Deepak Parekh (born 18 October 1944) is an Indian businessman and the former chairman of Housing Development Finance Corporation, India's leading housing private development finance institution. It is based in Mumbai.

==Education==
Parekh completed his schooling at St. Xavier's High School, Fort and later graduated with a B.Com from Sydenham College affiliated with the University of Mumbai. He went to England in 1965 to qualify as a chartered accountant with the ICAEW; he completed his articleship with Whinney, Smith and Whinney (which later became Ernst & Young) in London.

He also cleared the Certified Associate of Indian Institute of Bankers (CAIIB) of Indian Institute of Banking and Finance. He cleared his ACA exams in the first attempt and was afterwards posted at the firm's consulting arm Ernst & Ernst in New York.

==Career==
Parekh has worked at Ernst & Young, Grindlays Bank, and Chase Manhattan Bank as its assistant representative for South Asia. He joined Housing Development Finance Corporation (HDFC) in 1978. HDFC was founded by his uncle, Hasmukhbhai Parekh. Parekh also became the Non-Executive Chairman of Infrastructure Development Finance Company Ltd (IDFC), a specialised financial institution for financing infrastructure projects in 1997. He is also the Non-Executive Chairman of Glaxo India Ltd & Burroughs Wellcome (India) Ltd and on the Board of Castrol India Limited, Fairfax India Holdings Corporation, and Siemens Ltd, Mahindra & Mahindra, Indian Hotels Company and SingTel. Parekh is an advisory board member of AIESEC India and US Engineering consultancy giant, AECOM and Tribeca Developers.

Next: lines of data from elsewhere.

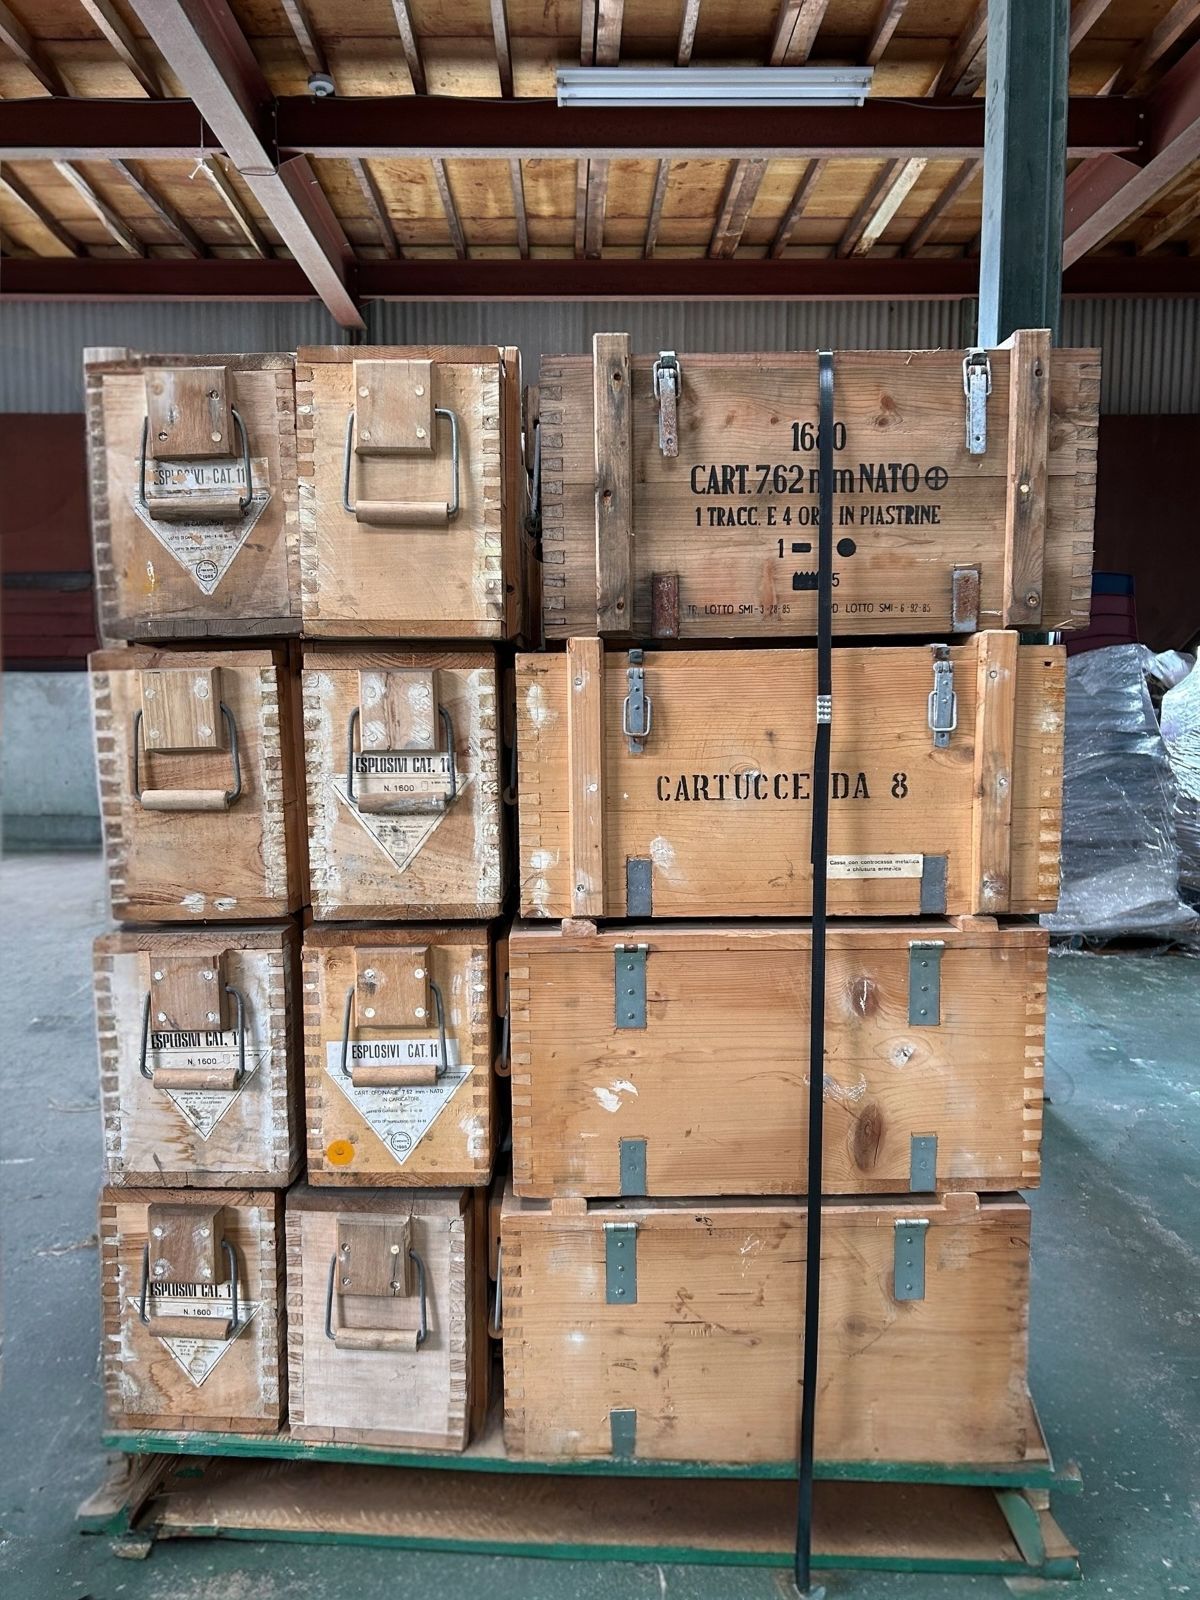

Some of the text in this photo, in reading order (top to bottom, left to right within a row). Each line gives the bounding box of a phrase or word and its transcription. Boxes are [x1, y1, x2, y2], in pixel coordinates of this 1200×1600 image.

[791, 422, 847, 452] 160
[690, 464, 752, 495] CART.
[859, 463, 920, 493] NATO
[695, 504, 941, 527] 1 TRACC. E 4 OR. IN PIASTRINE
[777, 538, 784, 559] 1
[704, 604, 734, 615] LOTTO
[845, 603, 874, 614] LOTTO
[355, 757, 408, 774] ESPLOSIVI
[412, 757, 436, 774] CAT.
[394, 784, 416, 793] 1600
[656, 772, 909, 802] CARTUCCE DA 8
[151, 1032, 201, 1049] ESPLOSIVI
[351, 1043, 400, 1059] ESPLOSIVI
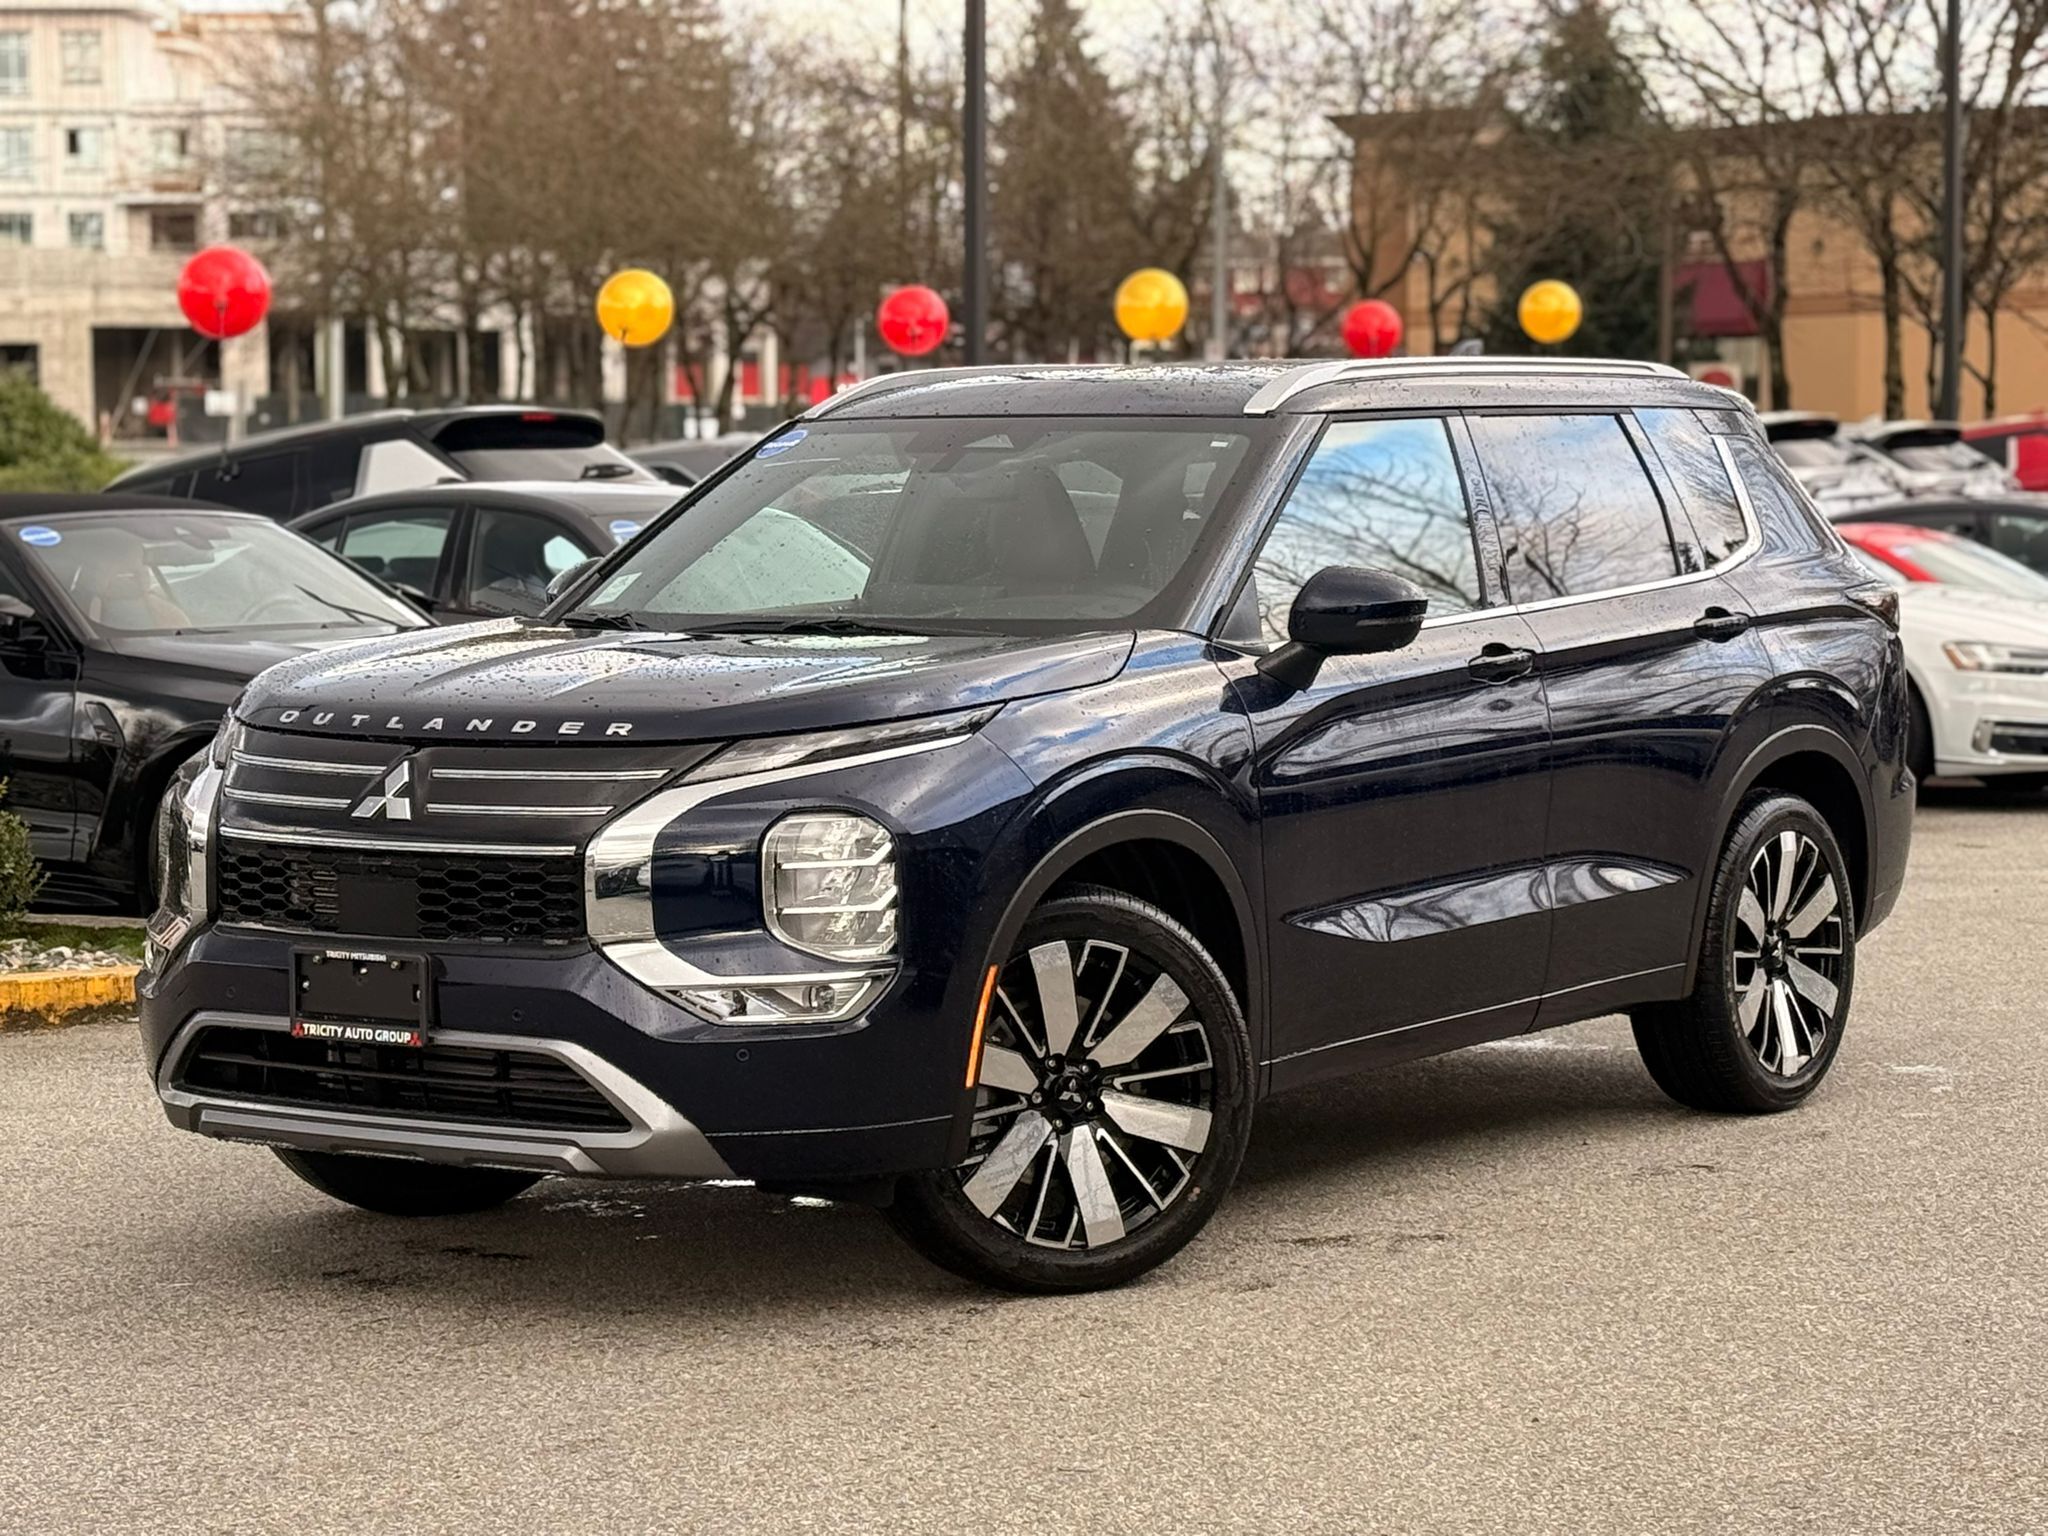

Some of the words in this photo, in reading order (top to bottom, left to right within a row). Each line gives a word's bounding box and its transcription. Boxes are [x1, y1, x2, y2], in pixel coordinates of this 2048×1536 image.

[279, 710, 635, 737] OUTLANDER
[326, 950, 350, 960] TRICITY
[302, 1023, 343, 1037] TRICITY
[344, 1027, 373, 1040] AUTO
[375, 1029, 411, 1044] GROUP
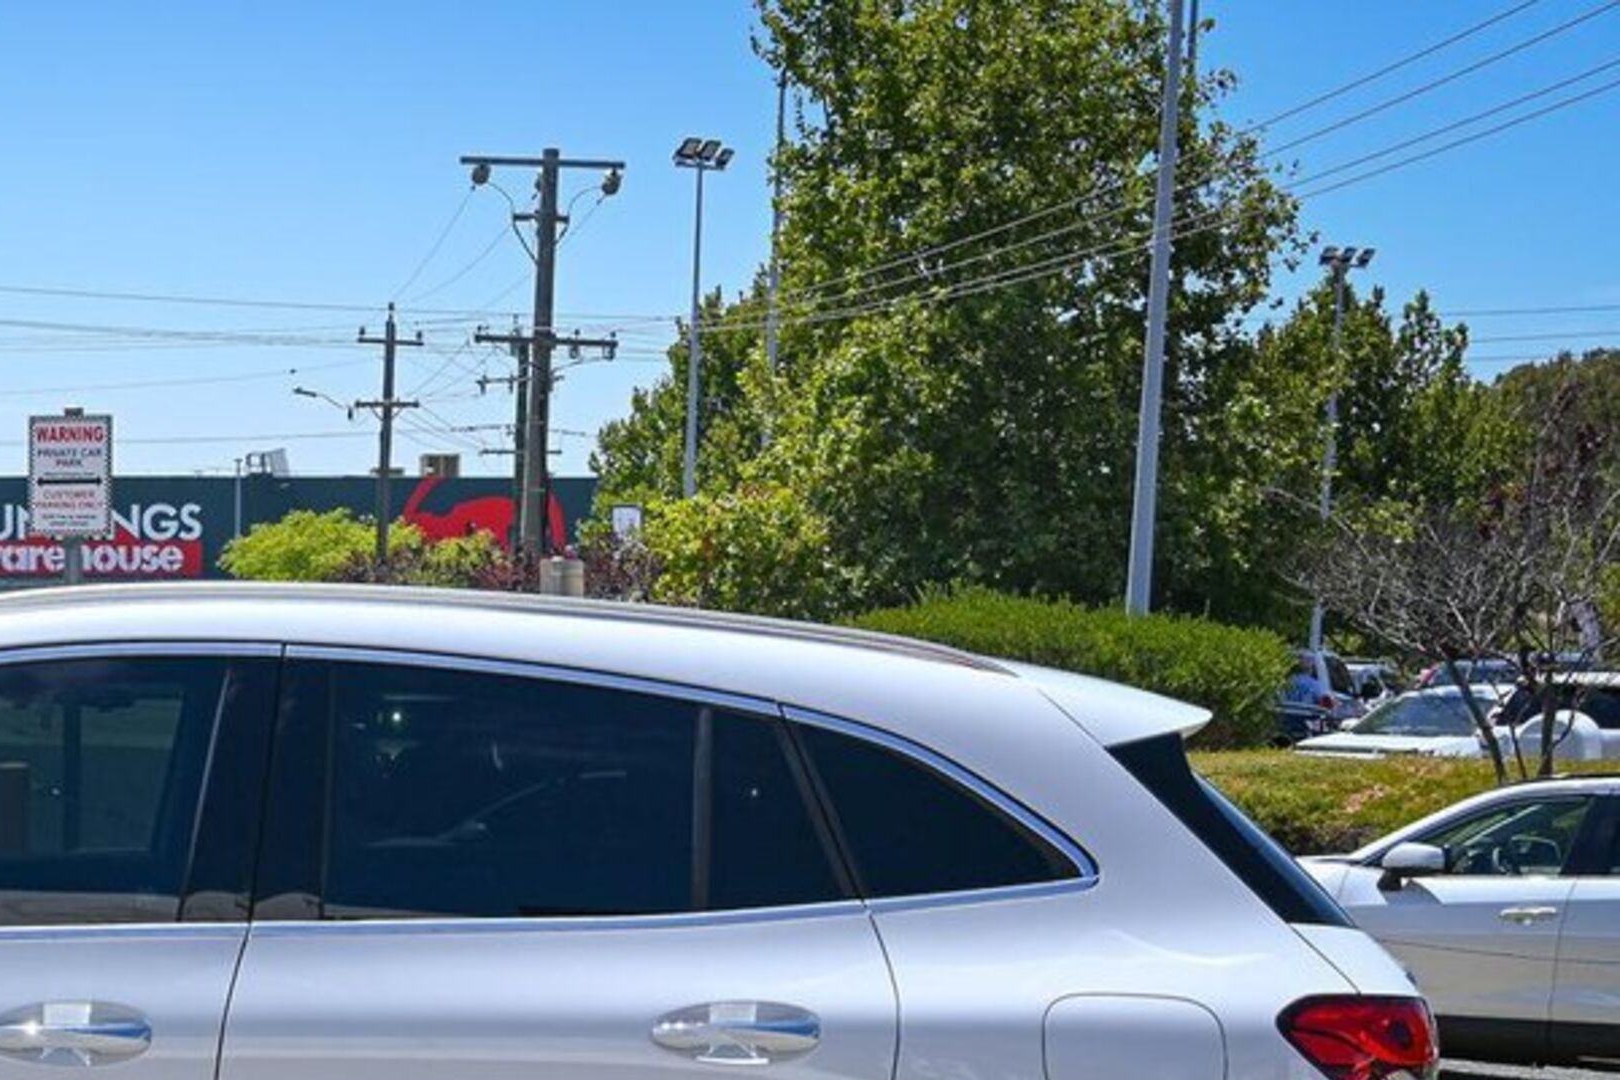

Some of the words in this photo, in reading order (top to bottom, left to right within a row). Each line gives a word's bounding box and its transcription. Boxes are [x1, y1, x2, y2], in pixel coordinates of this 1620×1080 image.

[36, 426, 104, 442] WARNING
[37, 448, 77, 457] PRIVATE
[80, 448, 102, 457] CAR
[55, 458, 82, 467] PARK
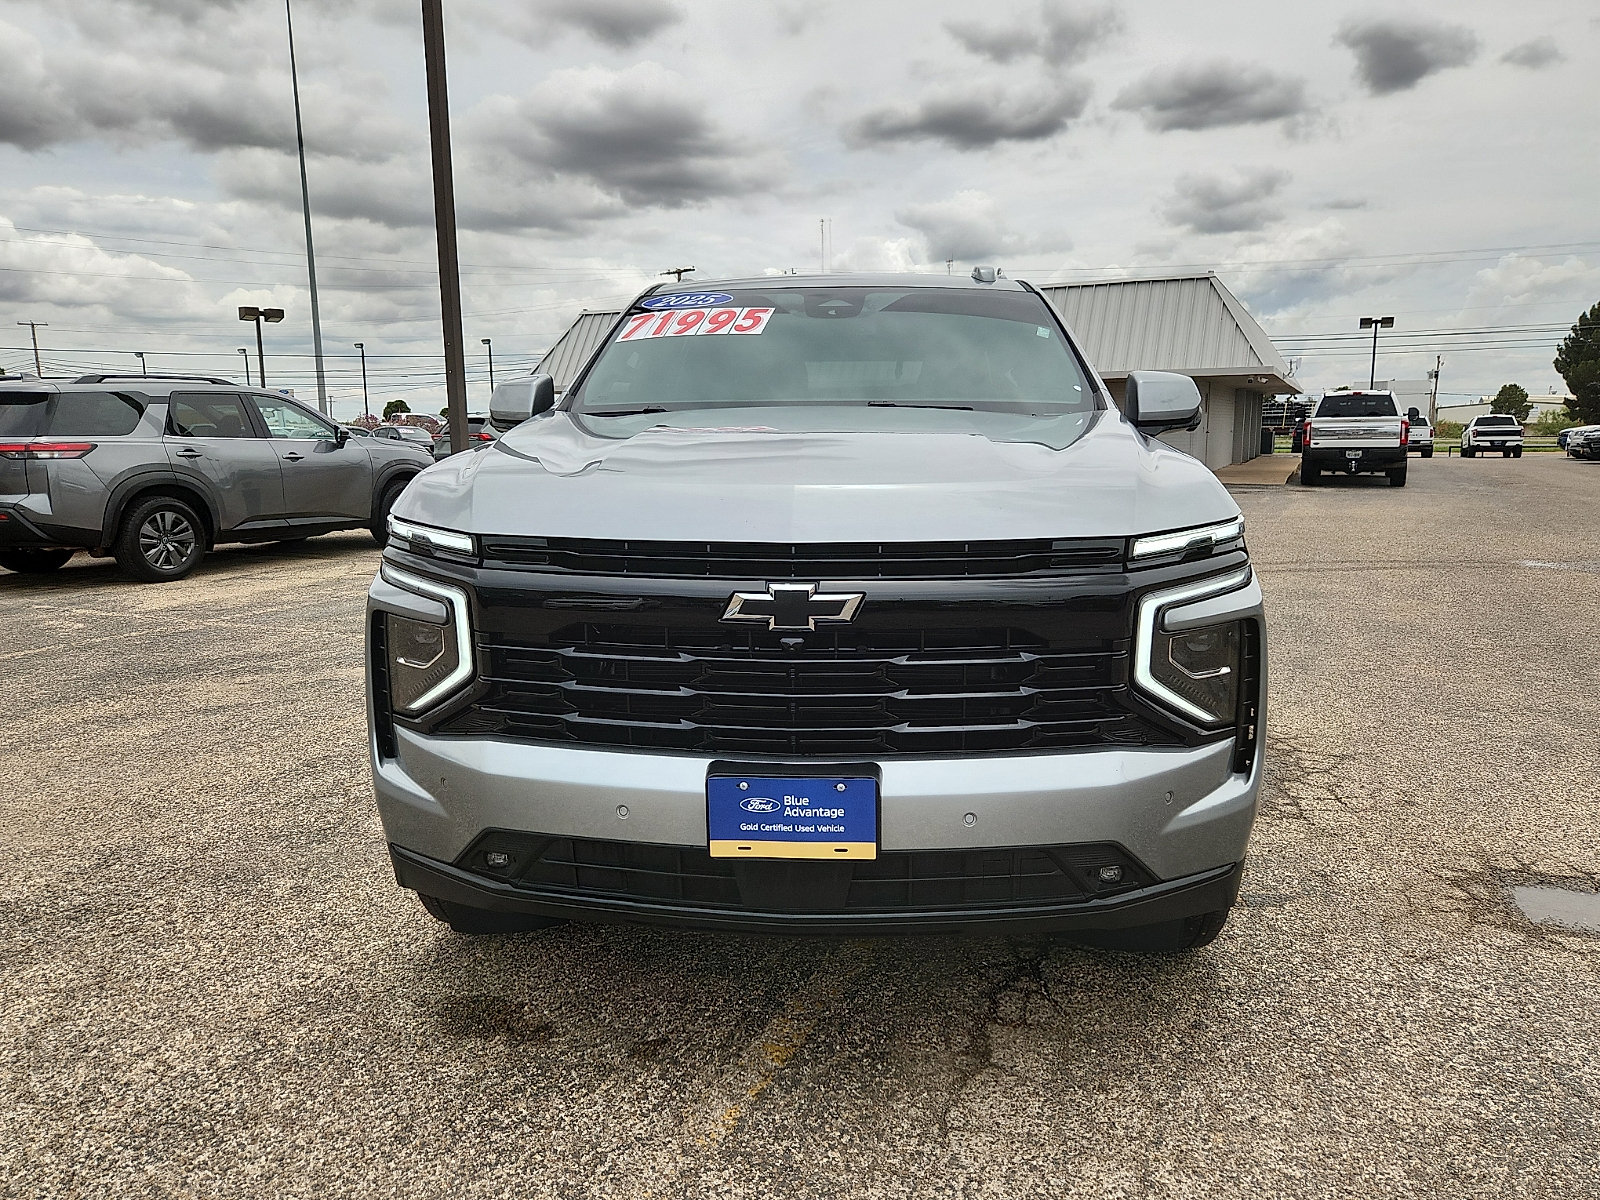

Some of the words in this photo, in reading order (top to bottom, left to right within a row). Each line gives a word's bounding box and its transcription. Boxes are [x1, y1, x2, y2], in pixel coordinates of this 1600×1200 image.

Parekh has been a member of various Committees set up by the Government of India. He was appointed Chairman of the high level expert committee formed to recommend measures for strengthening the Unit Scheme in 1964. The Reserve Bank of India appointed him Chairman of the Advisory Group for Securities Market Regulation, which was tasked to compare the level of adherence to international standards in India with that in other countries. He was also Chairman of the Expert Committee constituted by the Ministry of Power to look into the reform efforts in the power sector.

==Awards and honors==
Deepak Parekh has won several awards including Businessman of the Year 1996 from Business India and the JRD Tata Corporate Leadership Award by All India Management Association (AIMA). He was the first recipient of the Qimpro Platinum Award for Quality for his contributions to the services sector, and the youngest recipient of the Corporate Award for Life Time Achievement by the Economic Times. Padma Bhushan was conferred on him by the Government of India. In 2010 he was the first international recipient of The Institute of Chartered Accountants in England and Wales' Outstanding Achievement Award, for his contribution over many years to the finance and accountancy profession. He was appointed as the advisor to Sunil Gavaskar who was interim chairman of IPL-7. Parekh is also on the Advisory board of IIMUN.